An often-used common name for this fungus, the "jelly ear," is very appropriate—a rarity with common names in English. One look at this fungus and you can see why people think Auricularia americana looks like the missing part of a Van Gogh self portrait. Appearing on the wood of hardwoods or conifers, especially after rains or in wet conditions, the jelly ear ranges from disc-shaped to ear-shaped to irregular and floppy. Its surfaces are brown to reddish brown, and the consistency of the flesh is rubbery and gelatinous. When young and fresh, its underside appears frosted with a whitish dusting, but this often disappears quickly.

Similar jelly fungi include Exidia recisa, which features ridged, concave depressions, and Tremella foliacea, which is a bit more gelatinous and appears like a tightly packed cluster of jelly ears that are fused together. In the southeastern United States, Auricularia fuscosuccinea is virtually identical, to the naked eye, but differs microscopically (see discussion below).

The names Auricularia auricula and Auricularia auricula-judae have been traditionally applied to the mushrooms described here, but fairly recent research (Looney and collaborators 2013, Wu and collaborators 2015) has determined that the auricula-like North American species of Auricularia are not properly placed under those species names. Instead, we have several genetically distinct species, including: Auricularia americana in the strict sense, which grows on the wood of conifers and, under the microscope, has no medullary zone; Auricularia fuscosuccinea, which grows on the wood of hardwoods in the southeastern United States and has a distinct medullary zone; and a species—the one described here—that grows on the wood of hardwoods and has no medullary zone.

Wu and collaborators (2015) attempted to name this third species "Auricularia angiospermarum." However, the Wu publication did not include the correct Mycobank number in the original description of the species, and the name is therefore officially invalid.
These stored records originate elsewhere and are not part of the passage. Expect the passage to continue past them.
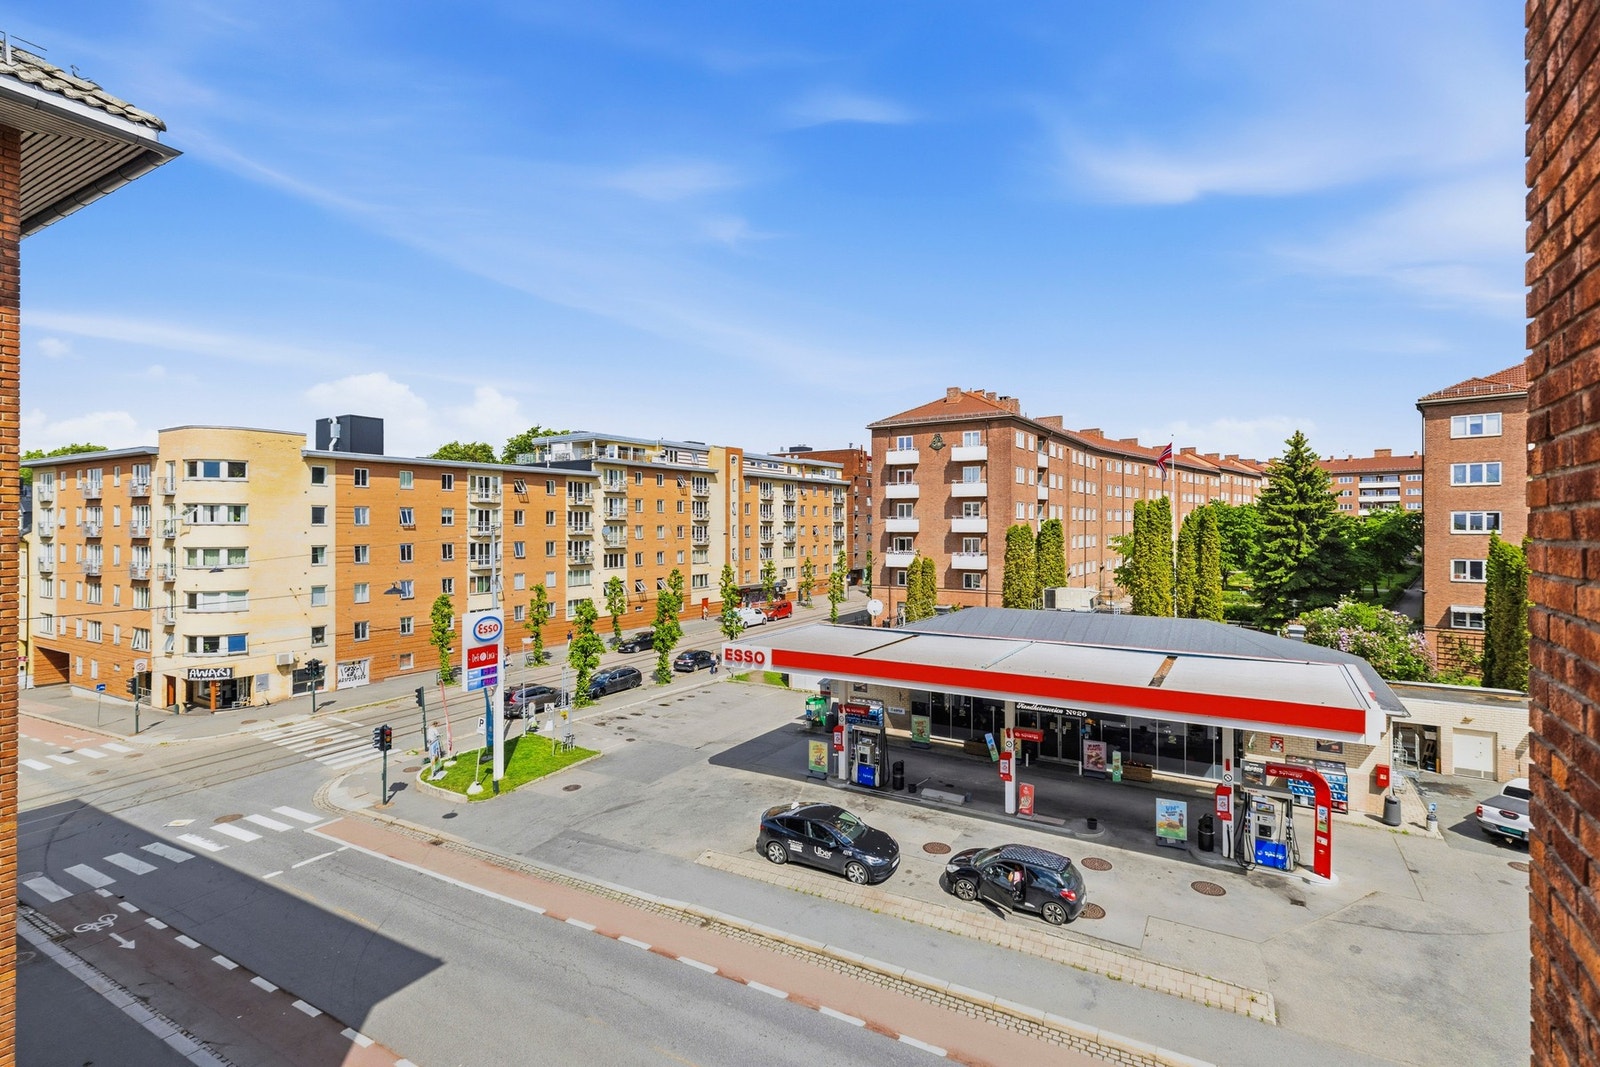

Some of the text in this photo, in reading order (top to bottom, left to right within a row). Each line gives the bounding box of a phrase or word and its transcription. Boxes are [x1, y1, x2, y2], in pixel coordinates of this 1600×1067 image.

[478, 623, 499, 635] Esso
[724, 648, 766, 664] ESSO
[189, 667, 231, 678] AWARI
[479, 719, 485, 728] P
[814, 846, 833, 859] Uber
Contemporary taxonomic rules require that authors of new species register their names in an online database (Mycobank or Index Fungorum) and obtain a corresponding identifier from the database; Wu and collaborators appear to have done so, but then failed to use the correct number in their publication. In short, the fungus described and illustrated here has no "good" name at the moment, so I have applied the name "Auricularia americana," with quote marks around it, until the mess is corrected by a taxonomist. This approach follows the 2013 approach of Looney and collaborators, who called both the species described here and the conifer-loving species Auricularia americana, separating the two types as "deciduous unit" and "coniferous unit" on the basis of a previous study by Duncan & Macdonald (1967).


Ecology: Saprobic on decaying hardwood sticks, logs, and stumps; spring, summer, and fall; distribution in North America uncertain, since the species has previously been folded in with others as "auricula" or "auricula-judae." The illustrated and described collections are from Illinois.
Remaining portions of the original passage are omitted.